18.06.2020
Sekai Jumyou to Saigo no Ichi Nichi
Çevirmen: Gölge
Bir hafta önce, dünyanın sonu duyuruldu. Bu çok ani ve zalim bir duyuruydu.
Her zamanki gibi kendimi odama kapatmış, sadece level atlıyordum. Sonra
oyunu iyi bir yerde durdurup, TV kanallarını gezmek için mola verdim.
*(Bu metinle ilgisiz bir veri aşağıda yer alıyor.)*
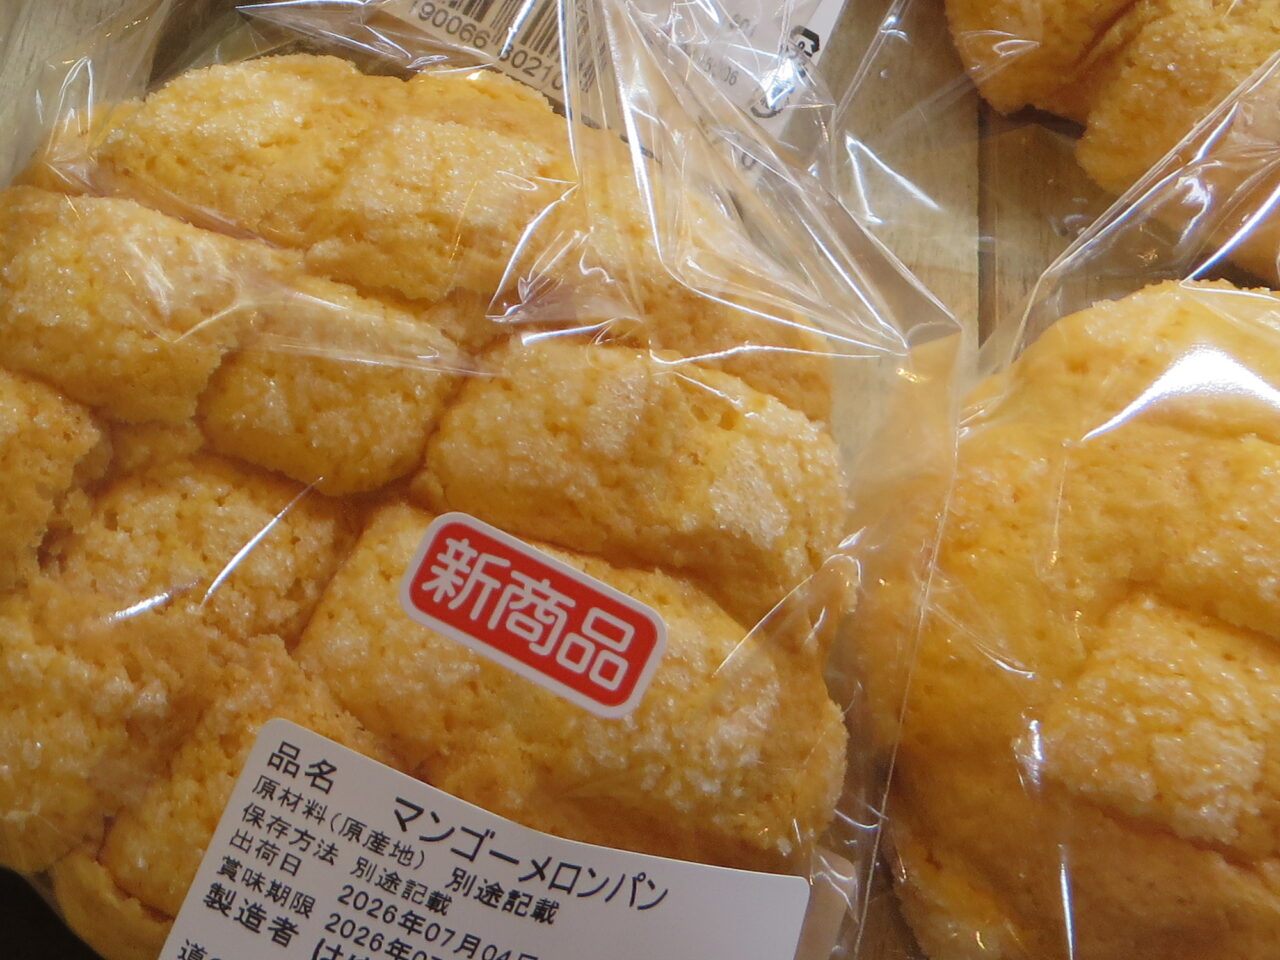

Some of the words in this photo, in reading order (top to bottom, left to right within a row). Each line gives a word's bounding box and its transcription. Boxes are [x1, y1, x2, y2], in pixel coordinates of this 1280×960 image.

[422, 538, 635, 691] 新商品
[216, 855, 316, 920] 賞味期限
[242, 803, 339, 867] 保存方法
[349, 856, 453, 917] 別途記載
[251, 774, 426, 871] 原材料(原産地)
[444, 867, 561, 925] 別途記載
[267, 740, 338, 795] 品名
[393, 796, 669, 911] マンゴーメロンパン
[202, 882, 300, 949] 製造者
[228, 828, 303, 877] 出荷日
[336, 885, 539, 960] 2026年07月04
Gezindiğimde, tüm kanallarda bu haber yayınlanıyordu. Dürüst olmak gerekirse,
en başta bunun bir çeşit şaka ya da film tanıtımı olduğunu sandım ama her
zamanki haber spikeri göz yaşlarına boğulduğunda, "Ahh, yani gerçek."
diye düşündüm.
Ve sonra onu takip eden Pazartesi günü. Dünyadaki herkes umutsuzca dua
ediyordu. Coşkulu hatipler bağırarak takipçi topluyordu, "İnanırsan,
ahirette cennete gidersin!" Herkesin yüz ifadesi ciddiydi, bağırıyor,
ağlıyor, bir fare deliğine para fırlatır gibi kendilerini içeri bırakıyorlardı.
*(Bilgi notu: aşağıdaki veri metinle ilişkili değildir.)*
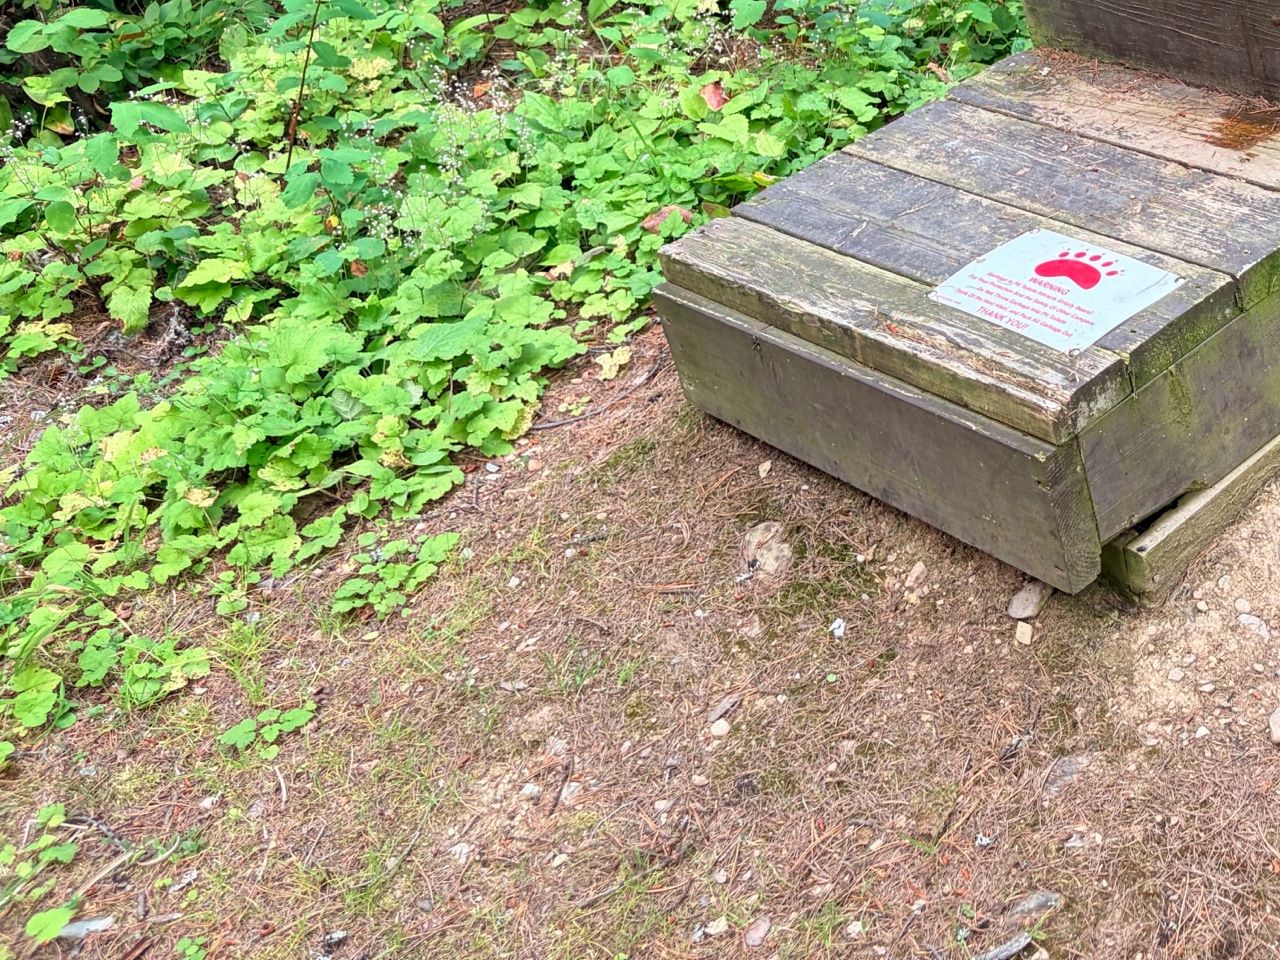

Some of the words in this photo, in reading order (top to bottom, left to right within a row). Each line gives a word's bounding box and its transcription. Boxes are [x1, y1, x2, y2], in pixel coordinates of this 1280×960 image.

[987, 272, 1008, 281] Garbage
[1021, 284, 1037, 293] Toilets
[1037, 291, 1056, 300] Attracts
[1057, 299, 1074, 308] Grizzly
[1029, 277, 1070, 295] WARNING
[989, 282, 1013, 293] Protection
[1033, 299, 1049, 307] Safety
[1056, 308, 1071, 316] Other
[1071, 314, 1094, 326] Campers
[994, 293, 1009, 301] Throw
[1009, 299, 1030, 309] Garbage
[1049, 315, 1066, 324] Toilets
[977, 306, 1007, 321] THANK
[1006, 318, 1029, 330] YOU!
[1040, 322, 1062, 333] Garbage
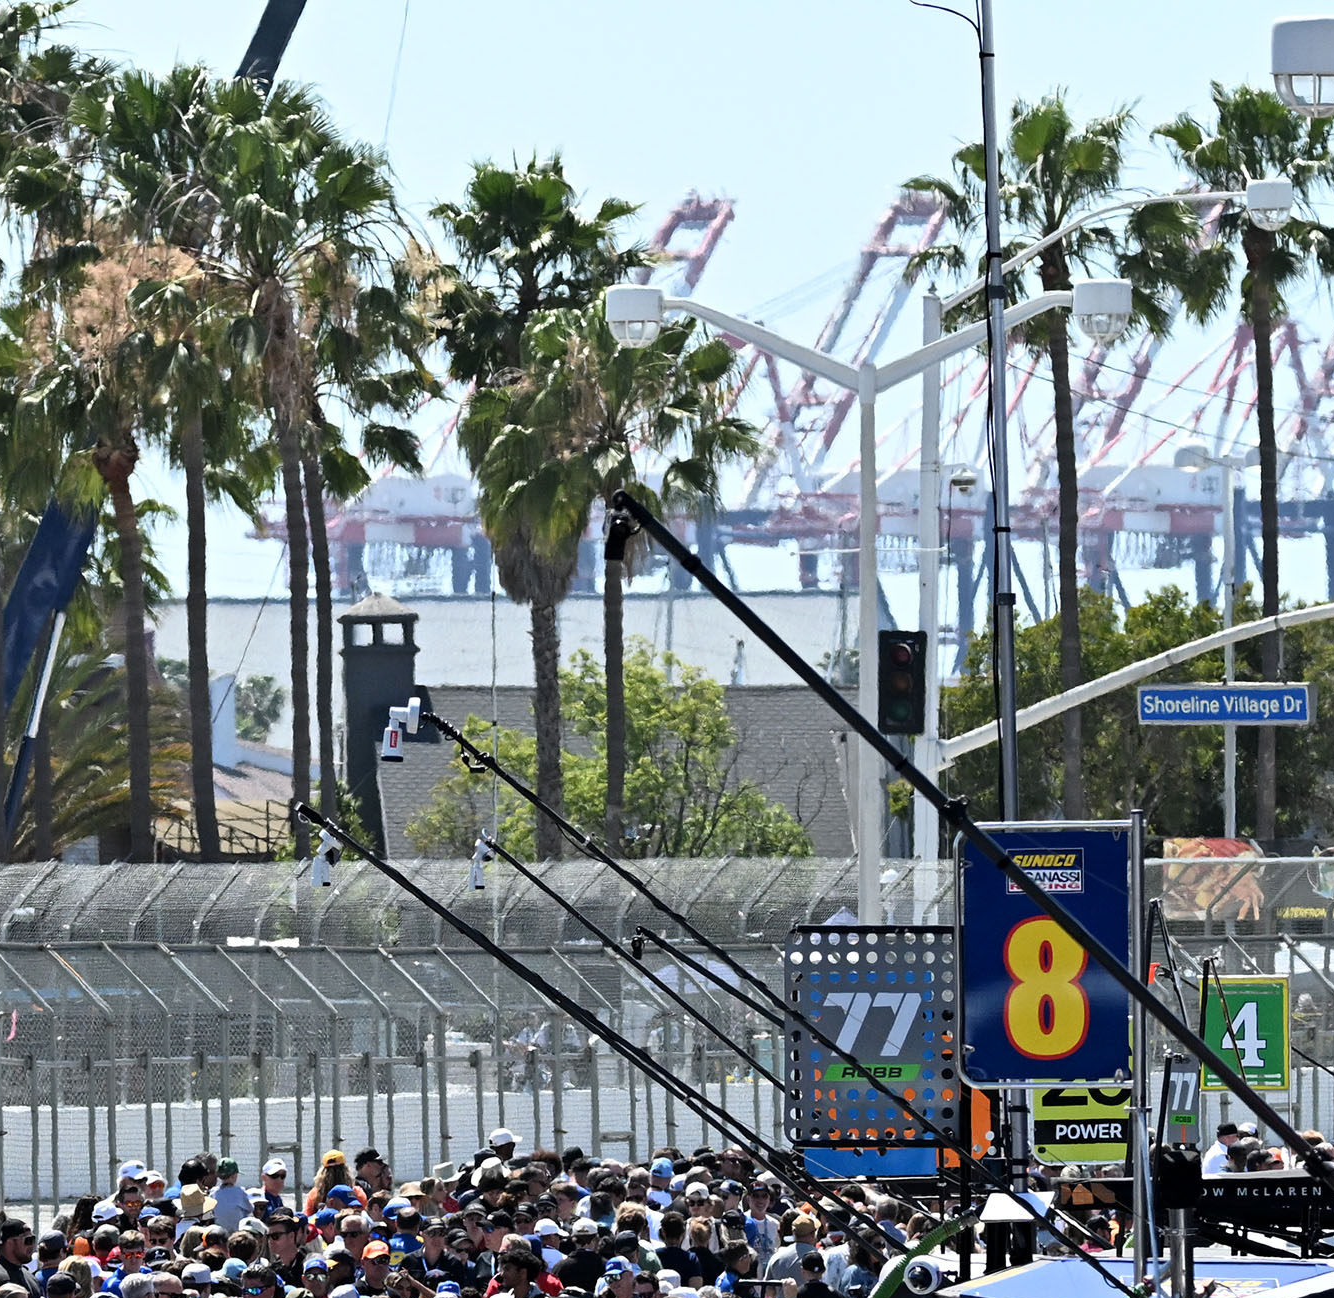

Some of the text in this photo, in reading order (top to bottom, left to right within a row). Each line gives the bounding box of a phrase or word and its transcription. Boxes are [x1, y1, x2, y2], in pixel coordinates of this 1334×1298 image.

Herhangi bir tanrıya hiç inanmamış olan ben, bu manzarayı komik bulmuştum. Bir
şeylere benzetecek olursam, ortaya gösterişli bir performans koyan trajik bir
kahraman gibiydi.
Haftanın ortasında, durum tekrar değişti. Şehrin kodamanları yayınlanması
yasak olan şeyler hakkında atıp tutarak gazetecilerin önünde soyuldu ve bu
yüzden, bu ülke işlev yeteneğini kaybetmeye başladı. Her türlü yerde hırsızlık,
şiddet hatta tecavüz olmaya başladı. Çünkü bu sondu, barikatların etrafında
koşturan insanlar vardı, gerçek doğalarını ortaya çıkarıyor ve arzularını
tatmin ediyorlardı. Bu yaptıklarının sebebi “Bu bizim için son, yani gayet
yerinde" diyerek anlaşılabilirdi, ama mesele, onların isyancılar
olmalarıydı. Acı verici çığılıkların yayıldı bir sahnede, düşünmeyen insanlar
sadece hayvanlardı.
Yine de, ben o gerçekliği hissetmedim ve evimde oyun oynamaya devam
ettim, bu “Cehennem” manzarasından sıkılarak.
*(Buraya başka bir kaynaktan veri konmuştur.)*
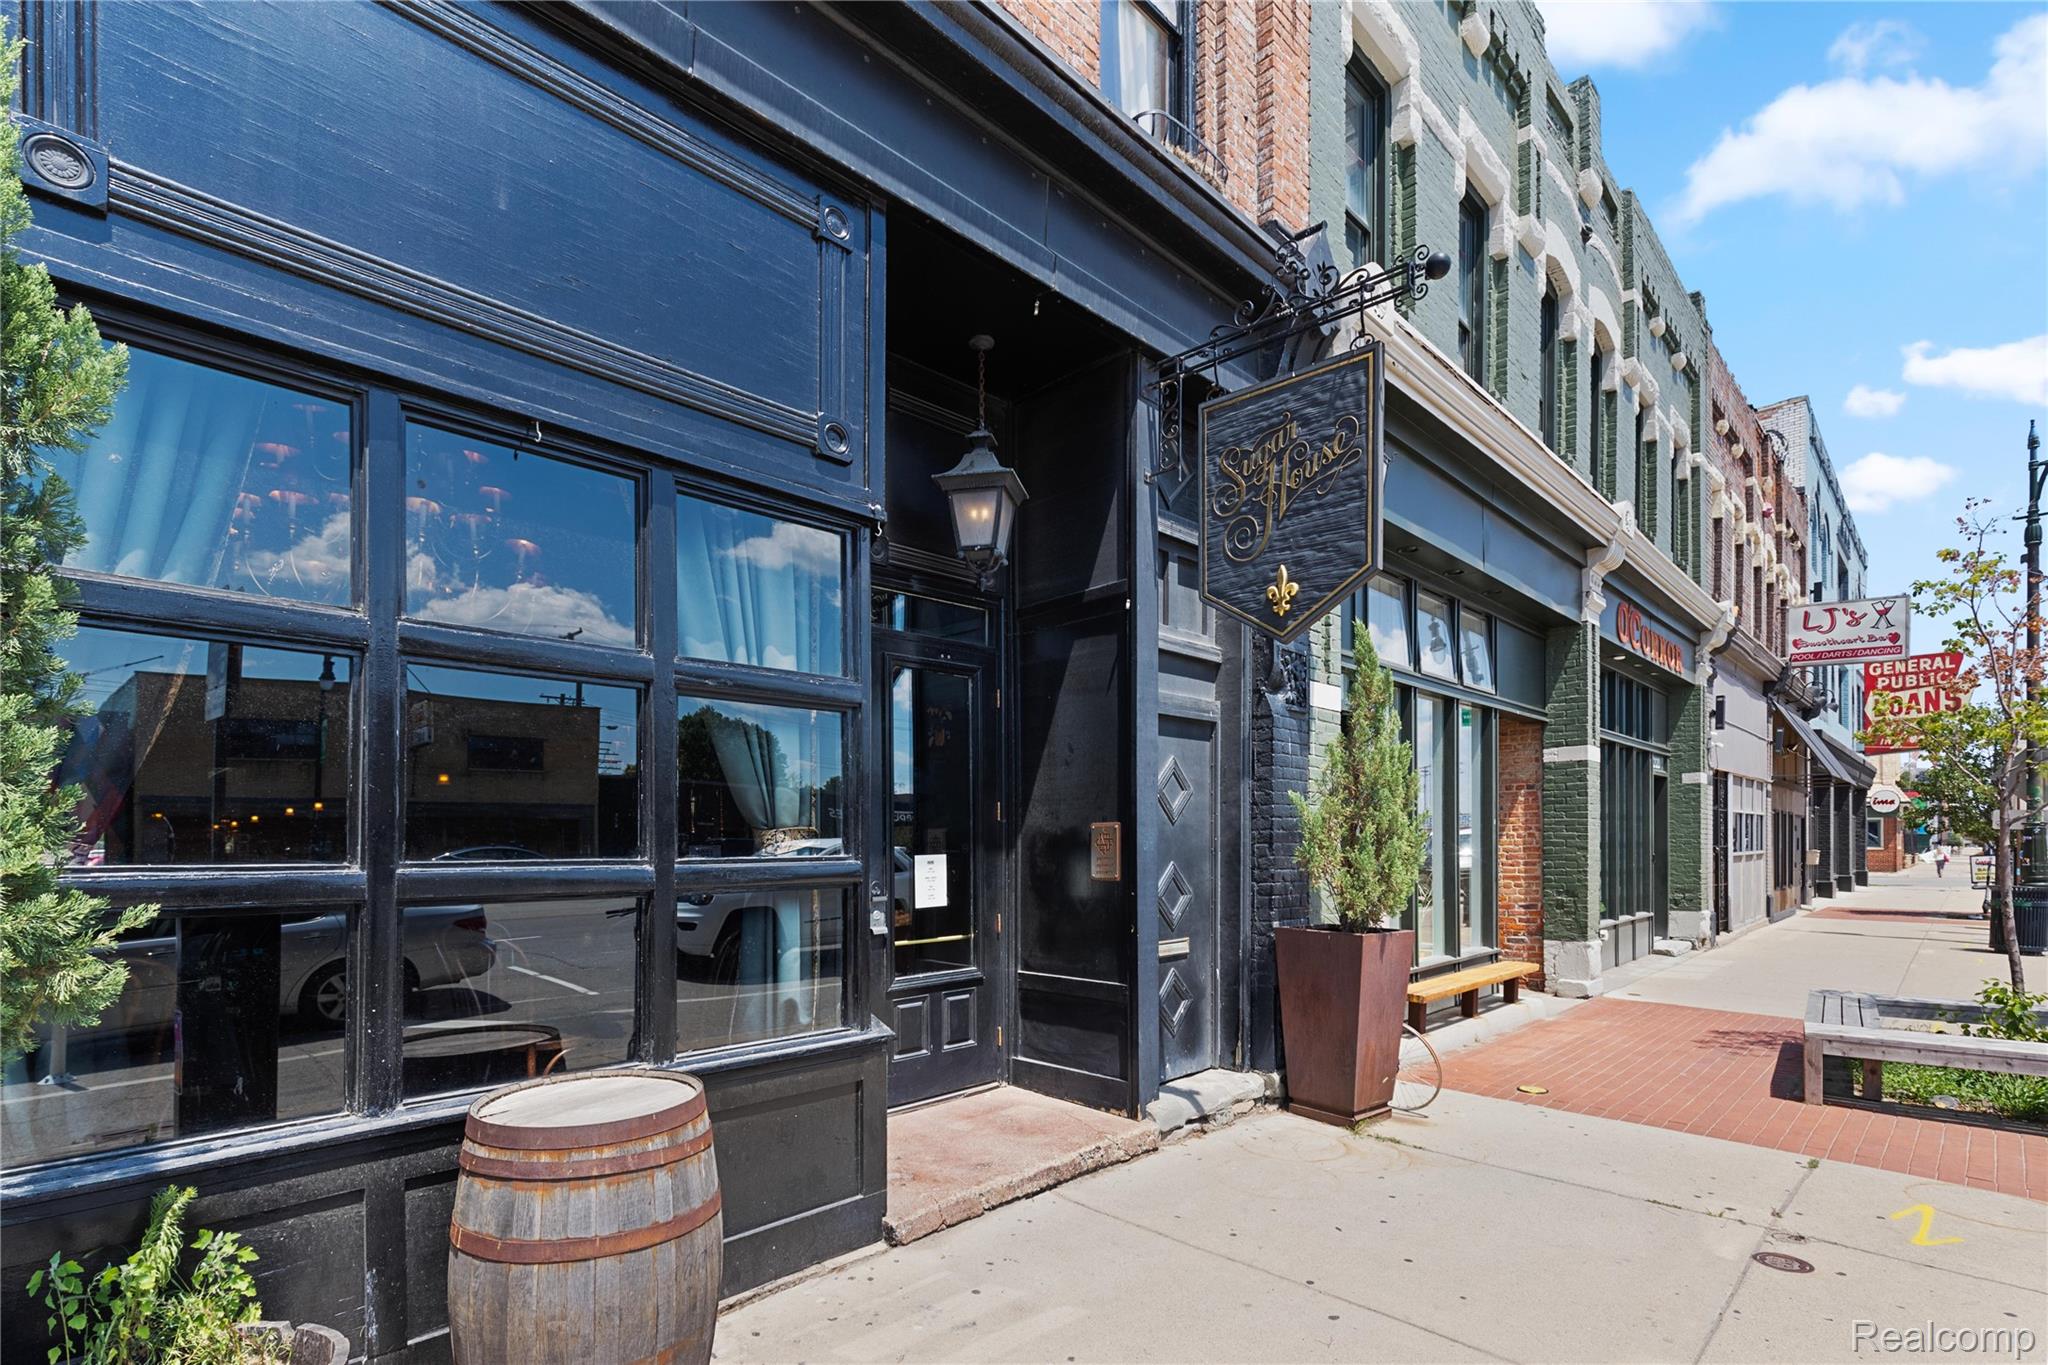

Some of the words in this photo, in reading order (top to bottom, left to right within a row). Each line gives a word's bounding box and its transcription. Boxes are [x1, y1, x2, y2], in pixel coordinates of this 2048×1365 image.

[1213, 411, 1298, 517] Sugar
[1802, 607, 1868, 635] LJ's
[1799, 636, 1866, 648] Sweetheart
[1868, 656, 1956, 676] GENERAL
[1877, 671, 1950, 690] PUBLIC
[1889, 1203, 1965, 1246] 2
Ve sonra nihayet sonuncu gün gelmişti. Sondan önceki günün akşamı, oyunu
bitirmeye çok yaklaşmıştım. Ekrandaki karakterleri öldürmeye ve oyunda
ilerlemeye devam ettim. Sonunda bitireceğim! Tam o anda, elektrikler gitti ve
ekran karardı.
O an için, nefesimi tuttum, ve sanki bir düğmeye basmışım da, dua eden,
ağlayan, her tarafta koşuşturup bağıran insanlar olan bir şehre atılmışım
gibiydi. Şehri saran gün batımı genellikle olduğundan daha üzücü göründü. Ne
olursa olsun, dünya yarın sona erecekti. Artık var olmayan bir oyunun devamını
oynuyor gibi hissetmeye başladım. Bu tür bir son aslında çok da kötü değildi.
Ve sonra, sanki dualar cevaplanmış gibi, dünya olaysız bir sabahı
karşıladı.
“Tekrar hoşgeldiniz.”
İstasyona doğru yürüyen maaşlı çalışan bile bugün mutlu görünüyordu.